Documentation Tooling Workgroup meeting - 15 December 2025
Attending
- Joe Heck
- Vera Mitchell
- Franklin Schrans
- David Ronnqvist
- Sven Schmidt
- Sofia Rodriguez Morales
- Dave Verwer
Topics
-
(Joe) Follow up on testing/eval plan for SEO results from custom DocC image that enhances HTML content for crawlers. Relevant thread in Forums: Supplementing DocC's output with minimal content in the per-page HTML files - #3 by ronnqvist
-
(Joe) Note Victor Puga's suggesting for providing explicit content at `/ in a DocC archive: Documentation homepage - #3 by victorpuga
Discussion
SEO Followup
Joe: We have an image set up from David's branch that can be invoked
- may be missing DOCC_HTML_DIR
- invoked indirectly
- also need to add in additional CLI option to invoke the feature
The question is really how to best test this?
Suggestion 1:
- Fork something that we want to test, I think we talked about something explicit there
Franklin: I think we identified OpenAPI generator runtime
The testing scenario would be to create two forks, publish both, and compare against each otehr
- create a fork without any changes
- create a fork that uses the new image
Sofia - Is there a dashboard to see what's going on with SEO values?

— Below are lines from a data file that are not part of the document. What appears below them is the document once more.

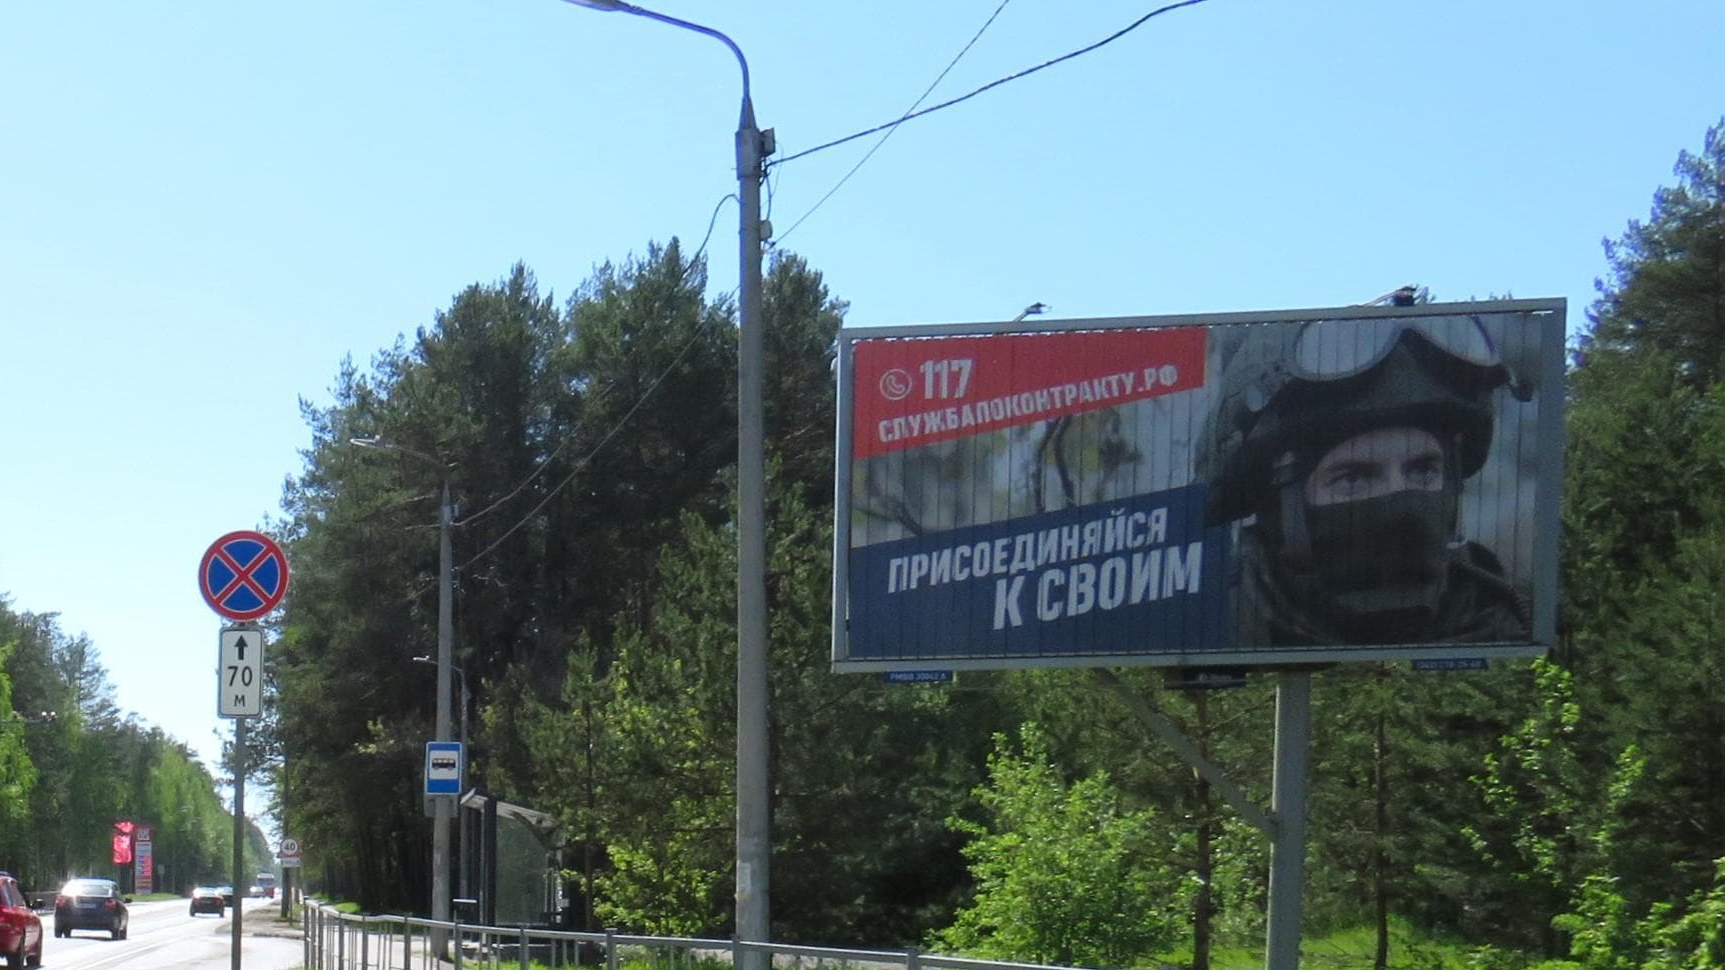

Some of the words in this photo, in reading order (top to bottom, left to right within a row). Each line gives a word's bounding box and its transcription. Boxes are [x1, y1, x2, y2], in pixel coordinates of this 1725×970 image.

[878, 364, 1178, 443] СЛУЖБАПОКОНТРАКТУ.РФ
[920, 359, 973, 400] 117
[888, 507, 1168, 594] ПРИСОЕДИНЯЙСЯ
[993, 575, 1025, 630] К
[1037, 541, 1203, 622] СВОИМ
[228, 666, 253, 687] 70
[284, 842, 295, 851] 40

Joe: Not really. There's a Google Search dashboard, relevant per site, but that doesn't really give you detailed SEO comparisions. Have to compare more explicitly through search queries.
Joe: compare with built content - do iterative searches through the content to see where they rank compared to each other. I think there was some work done prior to see where some specific content was landed, and that someone in the server team may have some prior data and would like to compare post search results - so using time rather than comparing two different site locations.
Joe: I'll coordinate testing and reporting for this, likely using HackMD as a collaborate whiteboard. It's not clear to me if we see one, but not another, if the sites have been indexed or not. Bit of a jam in our theory.
Sven - I think you can ask Google if a URL has been indexed.
Victor Puga's PR - content at / through DocC Render
- related PR: Added Documentation homepage by VictorPuga · Pull Request #982 · swiftlang/swift-docc-render · GitHub
Joe: Originally, I was unsure if this provided content at / or /documentation from a DocC archive. I asked in the thread, and per Victor's response it's supposed to provide some data at /
group: This results in potentially duplicate content kinds of pages - one at / and another at /documentation, in the case where you're assembling a combined DocC archive build.
David: DocC content can't generate at / - there's nowhere to drop in data that presents there, it's entirely controlled by the DocC render app.
David: will read through the Forums post and PR ask some questions.
Sofia: if only one target, that would be a weird experience - maybe it should redirect?
Franklin: that would be good to discuss.
Sven: issue currently shows an error if that that's not. If there was a proper homepage, we could avoid a whole separate lookup.
David: is it strange to suggest the renderer could handle that with redirects? If there is a single page, redirect to that - if there's an authored multi-target show that.
Franklin: any way to know what they're looking at?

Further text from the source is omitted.